The African Conservation Development Group was previously called SFM Africa, and was founded by Alan Bernstein, whose companies were involved in a web of offshore companies involved in selling carbon credits, transfer pricing, and tax avoidance. Prince Charles was one of the investors in Bernstein’s company Sustainable Forestry Management Ltd, which was incorporated in October 1999 in the tax haven of the Bahamas.
While the African Conservation Development Group is registered in the tax haven of Mauritius, another company called the African Conservation Development Group (UK) Ltd was registered with Companies House on 29 July 2021. Bernstein is a director. A company called Sustainable Investments Enterprises Ltd, registered in the tax haven of the British Virgin Islands, has significant control over the company.
The Grande Mayumba project started in 2011 when SFM Africa set up the Grande Mayumba Development Company as a public-private partnership. Very little information about the project is publicly available. Communities living in and around the project area say they have never seen a detailed map of the concession area, and are unaware of any consultation process about the project.
Bernstein hopes to finance the project by selling US$300 million worth of green bonds – to polluting corporations that want to offset their greenhouse gas emissions. The project aims to establish sugar and rubber plantations, fishing, forestry, and cattle ranching operations, and eco-tourism for the super rich.
In March 2022, African Conservation Development Group announced a new company called African Equatorial Hardwoods, the result of a merger between Grande Mayumba Development Co. and Cora Wood Gabon, which is part of the Italian logging company Cora Group. African Equatorial Hardwood plans to build a new US$34 million timber-processing factory in southern Gabon by 2026.

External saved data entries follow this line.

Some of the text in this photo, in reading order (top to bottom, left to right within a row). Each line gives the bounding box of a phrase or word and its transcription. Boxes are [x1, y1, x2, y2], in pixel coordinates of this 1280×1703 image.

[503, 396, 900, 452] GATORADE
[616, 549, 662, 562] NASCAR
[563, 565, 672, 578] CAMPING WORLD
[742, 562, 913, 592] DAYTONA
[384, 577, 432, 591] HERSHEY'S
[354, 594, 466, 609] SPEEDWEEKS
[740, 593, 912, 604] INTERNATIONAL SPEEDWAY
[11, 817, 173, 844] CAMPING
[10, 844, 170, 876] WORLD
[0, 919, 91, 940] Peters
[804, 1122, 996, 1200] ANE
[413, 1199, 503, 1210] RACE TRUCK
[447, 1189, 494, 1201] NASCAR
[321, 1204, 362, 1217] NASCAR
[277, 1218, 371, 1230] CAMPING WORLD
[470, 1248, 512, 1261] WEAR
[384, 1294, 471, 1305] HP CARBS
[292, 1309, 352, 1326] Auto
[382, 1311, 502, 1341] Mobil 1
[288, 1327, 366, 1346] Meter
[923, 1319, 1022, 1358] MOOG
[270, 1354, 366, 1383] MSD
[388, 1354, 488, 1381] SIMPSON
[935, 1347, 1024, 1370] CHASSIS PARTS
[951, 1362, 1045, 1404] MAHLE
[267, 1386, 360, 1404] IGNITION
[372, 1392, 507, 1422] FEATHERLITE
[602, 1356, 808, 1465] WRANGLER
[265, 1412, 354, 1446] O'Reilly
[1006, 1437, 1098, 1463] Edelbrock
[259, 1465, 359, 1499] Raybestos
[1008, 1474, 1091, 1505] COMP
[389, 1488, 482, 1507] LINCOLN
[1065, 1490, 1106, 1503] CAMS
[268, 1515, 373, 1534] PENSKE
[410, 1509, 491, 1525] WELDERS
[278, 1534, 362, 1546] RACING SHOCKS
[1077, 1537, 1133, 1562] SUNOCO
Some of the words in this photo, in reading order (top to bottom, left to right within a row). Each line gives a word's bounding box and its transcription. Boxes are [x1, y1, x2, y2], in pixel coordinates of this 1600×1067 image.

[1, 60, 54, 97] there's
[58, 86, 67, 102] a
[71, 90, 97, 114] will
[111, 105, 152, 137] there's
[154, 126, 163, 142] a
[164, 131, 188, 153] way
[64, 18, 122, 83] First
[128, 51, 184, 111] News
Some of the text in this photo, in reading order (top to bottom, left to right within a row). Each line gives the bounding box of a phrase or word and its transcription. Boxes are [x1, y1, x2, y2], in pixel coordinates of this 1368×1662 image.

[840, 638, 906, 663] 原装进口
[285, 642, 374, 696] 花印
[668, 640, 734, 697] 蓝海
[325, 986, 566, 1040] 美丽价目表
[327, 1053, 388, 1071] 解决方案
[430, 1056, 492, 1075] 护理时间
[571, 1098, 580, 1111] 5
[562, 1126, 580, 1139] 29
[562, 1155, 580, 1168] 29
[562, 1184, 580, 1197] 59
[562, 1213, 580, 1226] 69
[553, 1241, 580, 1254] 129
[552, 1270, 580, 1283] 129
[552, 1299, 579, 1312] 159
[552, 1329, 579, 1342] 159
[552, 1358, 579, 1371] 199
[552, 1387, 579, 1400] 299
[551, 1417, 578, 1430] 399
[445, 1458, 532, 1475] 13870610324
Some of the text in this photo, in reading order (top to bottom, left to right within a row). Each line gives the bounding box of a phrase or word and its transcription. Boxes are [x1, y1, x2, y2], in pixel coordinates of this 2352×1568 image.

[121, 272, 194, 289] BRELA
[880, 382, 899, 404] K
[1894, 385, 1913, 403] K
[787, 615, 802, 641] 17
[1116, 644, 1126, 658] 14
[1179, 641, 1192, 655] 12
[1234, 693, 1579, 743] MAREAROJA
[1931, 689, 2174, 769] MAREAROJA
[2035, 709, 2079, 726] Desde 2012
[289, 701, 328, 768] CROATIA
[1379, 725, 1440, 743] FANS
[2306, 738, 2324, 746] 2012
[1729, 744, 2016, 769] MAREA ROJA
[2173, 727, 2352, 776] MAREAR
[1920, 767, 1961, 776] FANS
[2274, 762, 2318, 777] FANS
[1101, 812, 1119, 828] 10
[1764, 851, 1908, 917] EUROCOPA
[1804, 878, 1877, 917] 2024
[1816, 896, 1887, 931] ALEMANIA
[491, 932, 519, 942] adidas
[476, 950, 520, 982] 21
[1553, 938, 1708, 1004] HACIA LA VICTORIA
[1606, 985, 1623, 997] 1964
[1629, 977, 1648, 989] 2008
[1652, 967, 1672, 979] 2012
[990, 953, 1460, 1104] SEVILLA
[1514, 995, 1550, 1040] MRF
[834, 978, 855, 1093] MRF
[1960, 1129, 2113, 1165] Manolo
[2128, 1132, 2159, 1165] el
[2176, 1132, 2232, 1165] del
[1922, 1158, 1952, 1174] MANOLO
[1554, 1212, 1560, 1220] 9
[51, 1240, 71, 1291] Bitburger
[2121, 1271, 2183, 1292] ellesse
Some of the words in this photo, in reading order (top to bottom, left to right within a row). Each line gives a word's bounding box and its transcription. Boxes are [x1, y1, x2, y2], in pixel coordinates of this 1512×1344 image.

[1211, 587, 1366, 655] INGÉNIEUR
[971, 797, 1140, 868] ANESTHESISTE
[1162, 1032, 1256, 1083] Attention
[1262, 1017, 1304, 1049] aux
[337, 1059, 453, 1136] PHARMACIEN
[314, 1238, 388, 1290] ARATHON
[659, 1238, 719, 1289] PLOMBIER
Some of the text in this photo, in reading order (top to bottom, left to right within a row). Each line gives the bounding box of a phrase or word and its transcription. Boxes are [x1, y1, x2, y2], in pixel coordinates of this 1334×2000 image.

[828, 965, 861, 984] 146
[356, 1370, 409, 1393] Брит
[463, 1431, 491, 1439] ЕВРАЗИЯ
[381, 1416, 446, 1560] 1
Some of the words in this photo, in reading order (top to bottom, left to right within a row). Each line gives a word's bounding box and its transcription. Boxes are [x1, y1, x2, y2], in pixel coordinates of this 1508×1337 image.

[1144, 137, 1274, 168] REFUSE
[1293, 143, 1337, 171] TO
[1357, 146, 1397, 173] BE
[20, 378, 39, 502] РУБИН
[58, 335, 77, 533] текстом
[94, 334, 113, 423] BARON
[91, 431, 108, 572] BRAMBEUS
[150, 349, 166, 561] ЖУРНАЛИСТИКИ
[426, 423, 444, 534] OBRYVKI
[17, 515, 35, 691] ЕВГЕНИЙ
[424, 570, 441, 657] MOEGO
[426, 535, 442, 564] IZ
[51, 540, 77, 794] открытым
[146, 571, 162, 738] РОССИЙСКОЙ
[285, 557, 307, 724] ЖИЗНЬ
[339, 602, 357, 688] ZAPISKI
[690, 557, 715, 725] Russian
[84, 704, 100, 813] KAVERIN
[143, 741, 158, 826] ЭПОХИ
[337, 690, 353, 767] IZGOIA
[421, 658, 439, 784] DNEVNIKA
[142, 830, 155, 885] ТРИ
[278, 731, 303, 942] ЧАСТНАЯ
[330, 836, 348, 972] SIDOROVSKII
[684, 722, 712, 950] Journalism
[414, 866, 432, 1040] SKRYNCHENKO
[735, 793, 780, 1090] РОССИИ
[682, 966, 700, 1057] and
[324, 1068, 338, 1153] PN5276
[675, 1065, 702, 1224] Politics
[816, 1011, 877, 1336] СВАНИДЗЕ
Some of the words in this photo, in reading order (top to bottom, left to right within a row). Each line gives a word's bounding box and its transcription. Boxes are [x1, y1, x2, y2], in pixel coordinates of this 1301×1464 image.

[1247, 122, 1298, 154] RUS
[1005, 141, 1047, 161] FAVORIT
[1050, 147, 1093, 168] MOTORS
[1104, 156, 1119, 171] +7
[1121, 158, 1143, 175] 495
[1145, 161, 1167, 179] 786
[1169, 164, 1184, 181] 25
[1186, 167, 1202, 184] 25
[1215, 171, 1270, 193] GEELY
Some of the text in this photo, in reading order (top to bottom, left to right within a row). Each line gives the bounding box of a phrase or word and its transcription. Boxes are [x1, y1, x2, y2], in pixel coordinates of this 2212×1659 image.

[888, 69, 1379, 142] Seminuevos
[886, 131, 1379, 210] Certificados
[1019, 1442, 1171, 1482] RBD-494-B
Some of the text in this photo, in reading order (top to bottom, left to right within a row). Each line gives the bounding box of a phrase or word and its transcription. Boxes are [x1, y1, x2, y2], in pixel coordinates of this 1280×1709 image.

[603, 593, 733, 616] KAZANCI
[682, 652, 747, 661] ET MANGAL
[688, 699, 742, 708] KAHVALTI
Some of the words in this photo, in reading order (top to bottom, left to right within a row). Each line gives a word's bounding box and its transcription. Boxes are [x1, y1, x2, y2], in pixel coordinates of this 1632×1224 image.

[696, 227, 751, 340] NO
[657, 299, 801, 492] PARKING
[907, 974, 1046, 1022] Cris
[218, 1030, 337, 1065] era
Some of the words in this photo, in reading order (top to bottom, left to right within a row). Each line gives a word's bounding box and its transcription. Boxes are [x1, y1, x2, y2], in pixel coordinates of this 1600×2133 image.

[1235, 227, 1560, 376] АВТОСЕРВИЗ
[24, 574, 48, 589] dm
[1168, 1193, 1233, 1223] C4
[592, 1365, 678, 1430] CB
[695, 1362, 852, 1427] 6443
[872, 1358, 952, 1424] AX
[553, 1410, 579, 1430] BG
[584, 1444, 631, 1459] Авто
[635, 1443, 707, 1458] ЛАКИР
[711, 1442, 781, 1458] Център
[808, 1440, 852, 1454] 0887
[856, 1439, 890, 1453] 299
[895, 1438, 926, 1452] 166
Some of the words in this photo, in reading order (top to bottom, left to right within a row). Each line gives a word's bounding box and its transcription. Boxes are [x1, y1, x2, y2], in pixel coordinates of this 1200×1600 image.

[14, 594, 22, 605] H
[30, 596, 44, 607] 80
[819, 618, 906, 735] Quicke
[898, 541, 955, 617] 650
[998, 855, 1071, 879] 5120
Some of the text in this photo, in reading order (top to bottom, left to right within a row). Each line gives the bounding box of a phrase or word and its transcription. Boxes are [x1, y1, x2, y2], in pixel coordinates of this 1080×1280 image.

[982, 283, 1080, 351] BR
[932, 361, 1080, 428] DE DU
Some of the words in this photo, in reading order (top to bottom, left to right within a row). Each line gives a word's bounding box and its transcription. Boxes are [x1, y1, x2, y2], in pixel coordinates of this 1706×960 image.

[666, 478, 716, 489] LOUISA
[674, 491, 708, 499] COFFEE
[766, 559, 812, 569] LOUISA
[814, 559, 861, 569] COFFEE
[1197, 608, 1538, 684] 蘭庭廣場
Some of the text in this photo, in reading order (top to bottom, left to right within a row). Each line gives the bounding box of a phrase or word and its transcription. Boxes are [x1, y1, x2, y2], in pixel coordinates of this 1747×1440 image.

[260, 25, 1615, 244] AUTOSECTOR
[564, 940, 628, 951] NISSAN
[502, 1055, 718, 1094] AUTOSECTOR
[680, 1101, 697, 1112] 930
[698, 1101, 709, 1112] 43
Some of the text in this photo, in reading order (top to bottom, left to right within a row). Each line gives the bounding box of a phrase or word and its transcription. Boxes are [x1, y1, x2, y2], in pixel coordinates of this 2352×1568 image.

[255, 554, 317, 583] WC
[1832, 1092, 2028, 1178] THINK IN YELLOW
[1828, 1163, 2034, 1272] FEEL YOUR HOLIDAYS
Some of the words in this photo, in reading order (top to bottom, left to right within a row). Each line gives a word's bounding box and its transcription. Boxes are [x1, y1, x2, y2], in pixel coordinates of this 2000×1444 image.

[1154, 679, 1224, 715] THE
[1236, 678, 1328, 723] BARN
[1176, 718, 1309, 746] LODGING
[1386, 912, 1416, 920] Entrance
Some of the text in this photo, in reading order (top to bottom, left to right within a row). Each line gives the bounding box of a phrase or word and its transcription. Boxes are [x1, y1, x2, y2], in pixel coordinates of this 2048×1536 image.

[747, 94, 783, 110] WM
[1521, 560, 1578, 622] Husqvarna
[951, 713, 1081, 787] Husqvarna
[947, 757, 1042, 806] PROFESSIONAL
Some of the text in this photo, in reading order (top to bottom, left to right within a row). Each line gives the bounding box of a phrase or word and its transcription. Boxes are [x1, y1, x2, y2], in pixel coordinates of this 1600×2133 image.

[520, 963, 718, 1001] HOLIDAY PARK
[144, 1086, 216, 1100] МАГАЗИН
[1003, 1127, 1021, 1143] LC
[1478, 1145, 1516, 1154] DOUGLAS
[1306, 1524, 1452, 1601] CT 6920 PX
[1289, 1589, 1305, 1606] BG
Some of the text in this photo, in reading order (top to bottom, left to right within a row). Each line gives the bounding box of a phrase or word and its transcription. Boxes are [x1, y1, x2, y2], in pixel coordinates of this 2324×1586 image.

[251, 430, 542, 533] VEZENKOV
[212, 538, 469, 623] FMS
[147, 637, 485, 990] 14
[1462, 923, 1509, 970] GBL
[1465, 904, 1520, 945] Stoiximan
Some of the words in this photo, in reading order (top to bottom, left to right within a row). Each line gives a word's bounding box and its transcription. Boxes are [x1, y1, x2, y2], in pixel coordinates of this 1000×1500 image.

Muyissi Environnement (Gabon) and World Rainforest Movement point out the neocolonialism underlying the idea of generating offsets from Gabon’s forests in order to allow oil extraction and pollution as usual in the Global North:
Obviously, offsetting isn’t just as good as putting an end to destroying underground carbon deposits. In fact, offsetting means communities whose land is destroyed by coal mines and oil fields will continue to be exposed to violence and toxic pollution that are inextricably linked with fossil fuel extraction. Offsetting also means that the communities whose neighbourhood is impacted by refineries continue to be exposed to devastating health impacts. And offsetting means more land at the offsetting end of the equation is being controlled to serve the interests of corporations – as carbon stores, in this case – while peasant families and forest peoples are told to stop cultivating food in the forest.
In November 2021, the Collective of Upper and Lower Banio communities in Nyanga province, Gabon, released the Bana / Mayumba Declaration calling for the suspension of the Grande Mayumba project.